Taking an operating system as an IOS system as an example, programs and data stored in the memory 120 are shown in fig. 10, and the IOS system includes: a Core operating system Layer 420(Core OS Layer), a Core Services Layer 440(Core Services Layer), a Media Layer 460(Media Layer), and a touchable Layer 480(Cocoa Touch Layer). The kernel operating system layer 420 includes an operating system kernel, drivers, and underlying program frameworks that provide functionality closer to hardware for use by program frameworks located in the core services layer 440. The core services layer 440 provides system services and/or program frameworks, such as a Foundation framework, an account framework, an advertisement framework, a data storage framework, a network connection framework, a geographic location framework, a motion framework, and so forth, as required by the application. The media layer 460 provides audiovisual related interfaces for applications, such as graphics image related interfaces, audio technology related interfaces, video technology related interfaces, audio video transmission technology wireless playback (AirPlay) interfaces, and the like. Touchable layer 480 provides various common interface-related frameworks for application development, and touchable layer 480 is responsible for user touch interaction operations on the electronic device.
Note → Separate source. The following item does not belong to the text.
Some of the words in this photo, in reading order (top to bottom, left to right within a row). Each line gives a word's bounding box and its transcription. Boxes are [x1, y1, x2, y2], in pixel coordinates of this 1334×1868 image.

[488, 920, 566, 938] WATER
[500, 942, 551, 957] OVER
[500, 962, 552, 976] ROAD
Such as a local notification service, a remote push service, an advertising framework, a game tool framework, a messaging User Interface (UI) framework, a User Interface UIKit framework, a map framework, and so forth.
In the framework illustrated in FIG. 10, the framework associated with most applications includes, but is not limited to: a base framework in the core services layer 440 and a UIKit framework in the touchable layer 480. The base framework provides many basic object classes and data types, provides the most basic system services for all applications, and is UI independent. While the class provided by the UIKit framework is a basic library of UI classes for creating touch-based user interfaces, iOS applications can provide UIs based on the UIKit framework, so it provides an infrastructure for applications for building user interfaces, drawing, processing and user interaction events, responding to gestures, and the like.
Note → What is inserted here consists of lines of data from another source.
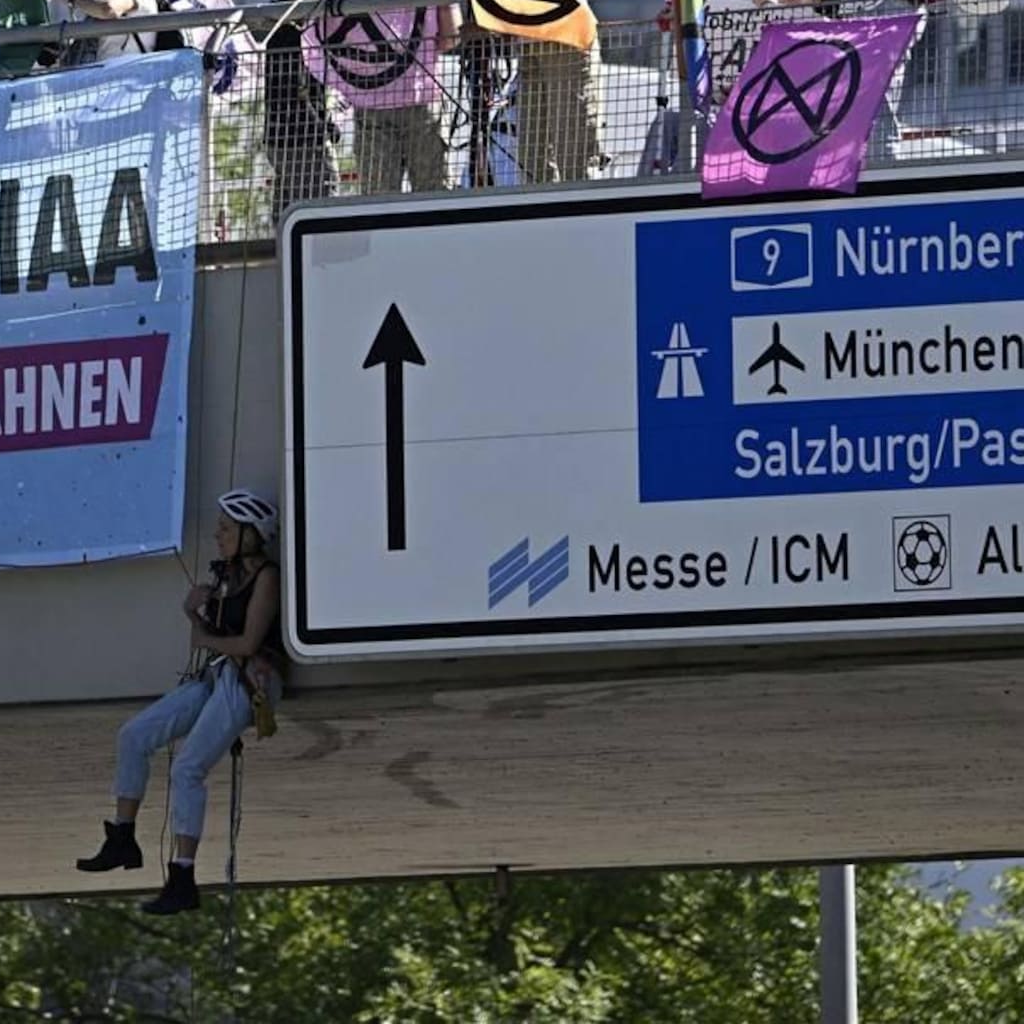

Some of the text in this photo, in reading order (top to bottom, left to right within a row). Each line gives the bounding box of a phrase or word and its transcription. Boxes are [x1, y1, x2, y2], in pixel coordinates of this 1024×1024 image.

[762, 238, 781, 276] 9
[836, 221, 1024, 277] Nürnber
[825, 325, 1024, 380] München
[587, 543, 728, 593] Messe
[771, 532, 850, 584] ICM
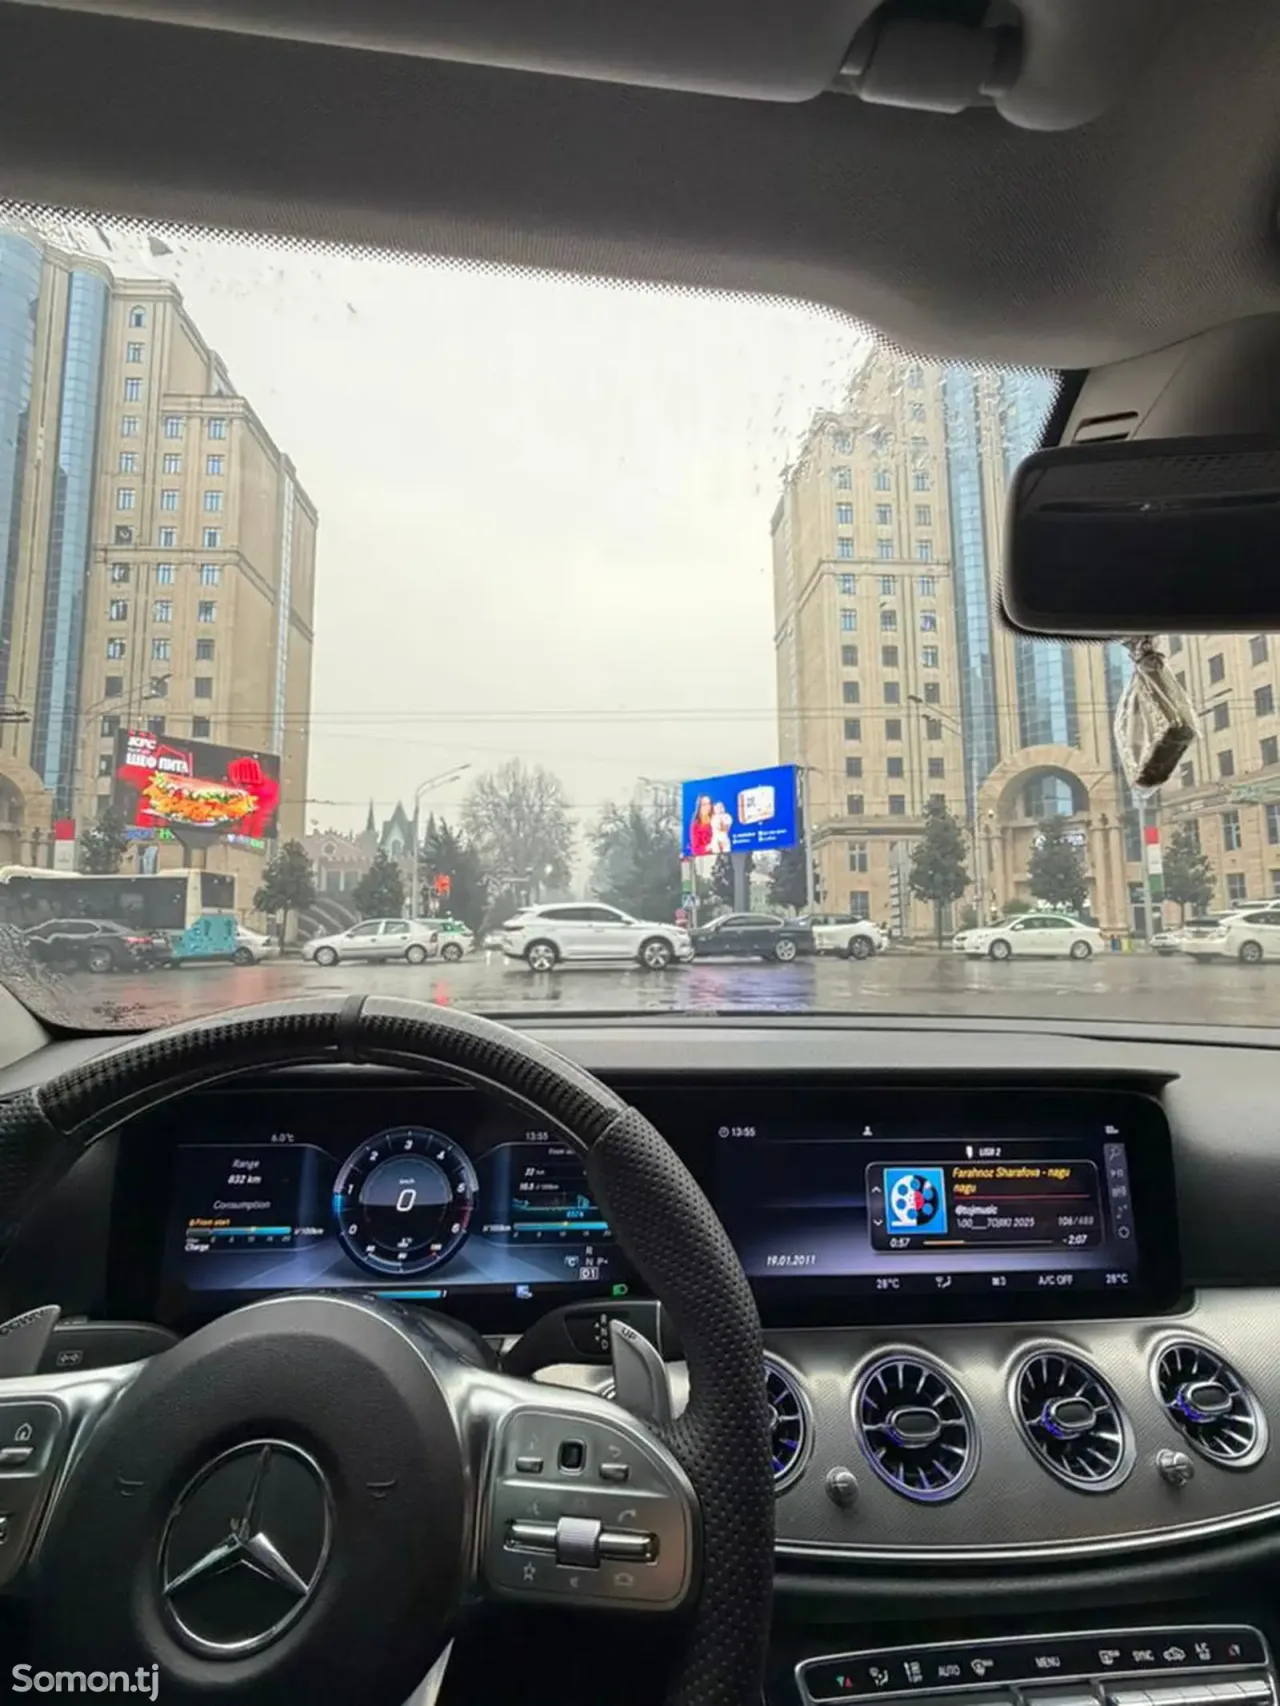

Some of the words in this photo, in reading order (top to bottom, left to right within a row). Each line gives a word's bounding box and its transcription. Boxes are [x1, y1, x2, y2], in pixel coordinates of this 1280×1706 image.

[158, 757, 189, 773] ПИТА
[526, 1132, 548, 1140] 13:55
[731, 1127, 756, 1137] 13:55
[404, 1139, 413, 1150] 3
[369, 1150, 379, 1161] 2
[436, 1150, 445, 1160] 4
[232, 1159, 260, 1170] Range
[247, 1174, 262, 1184] km
[1047, 1168, 1071, 1179] nagu
[348, 1184, 354, 1195] 1
[953, 1183, 977, 1195] nagu
[213, 1200, 271, 1211] Consumption
[396, 1189, 417, 1212] 0
[1013, 1216, 1036, 1228] 2025
[348, 1224, 358, 1235] 0
[184, 1243, 210, 1252] Charge
[890, 1238, 910, 1248] 0:57
[586, 1246, 593, 1255] R
[586, 1258, 593, 1266] N
[767, 1254, 816, 1266] 19.01.2011
[1038, 1275, 1055, 1286] A/C
[1056, 1274, 1073, 1285] OFF
[621, 1328, 638, 1340] UP
[938, 1664, 961, 1678] AUTO
[1035, 1656, 1061, 1669] MENU
[1132, 1649, 1155, 1663] SYNC
The Android system can be referred to as a mode and a principle for realizing data communication between the third-party application program and the operating system in the IOS system, and details are not repeated herein.
The input device 130 is used for receiving input instructions or data, and the input device 130 includes, but is not limited to, a keyboard, a mouse, a camera, a microphone, or a touch device. The output device 140 is used for outputting instructions or data, and the output device 140 includes, but is not limited to, a display device, a speaker, and the like. In one example, the input device 130 and the output device 140 may be combined, and the input device 130 and the output device 140 are touch display screens for receiving touch operations of a user on or near the touch display screens by using any suitable object such as a finger, a touch pen, and the like, and displaying user interfaces of various applications. Touch displays are typically provided on the front panel of an electronic device. The touch display screen may be designed as a full-face screen, a curved screen, or a profiled screen. The touch display screen can also be designed to be a combination of a full-face screen and a curved-face screen, and a combination of a special-shaped screen and a curved-face screen, which is not limited in the embodiment of the present application.
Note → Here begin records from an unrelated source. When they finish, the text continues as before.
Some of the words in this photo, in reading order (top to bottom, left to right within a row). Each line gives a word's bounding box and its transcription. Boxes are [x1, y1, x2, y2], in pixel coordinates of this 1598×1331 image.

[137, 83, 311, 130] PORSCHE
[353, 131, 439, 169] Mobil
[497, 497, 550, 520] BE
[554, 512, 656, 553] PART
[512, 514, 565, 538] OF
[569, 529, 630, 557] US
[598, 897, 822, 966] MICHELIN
In addition, those skilled in the art will appreciate that the configurations of the electronic devices illustrated in the above-described figures do not constitute limitations on the electronic devices, which may include more or fewer components than illustrated, or some components may be combined, or a different arrangement of components. For example, the electronic device further includes a radio frequency circuit, an input unit, a sensor, an audio circuit, a wireless fidelity (WiFi) module, a power supply, a bluetooth module, and other components, which are not described herein again.
In the embodiment of the present application, the main body of execution of each step may be the electronic device described above. Optionally, the execution subject of each step is an operating system of the electronic device. The operating system may be an android system, an IOS system, or another operating system, which is not limited in this embodiment of the present application.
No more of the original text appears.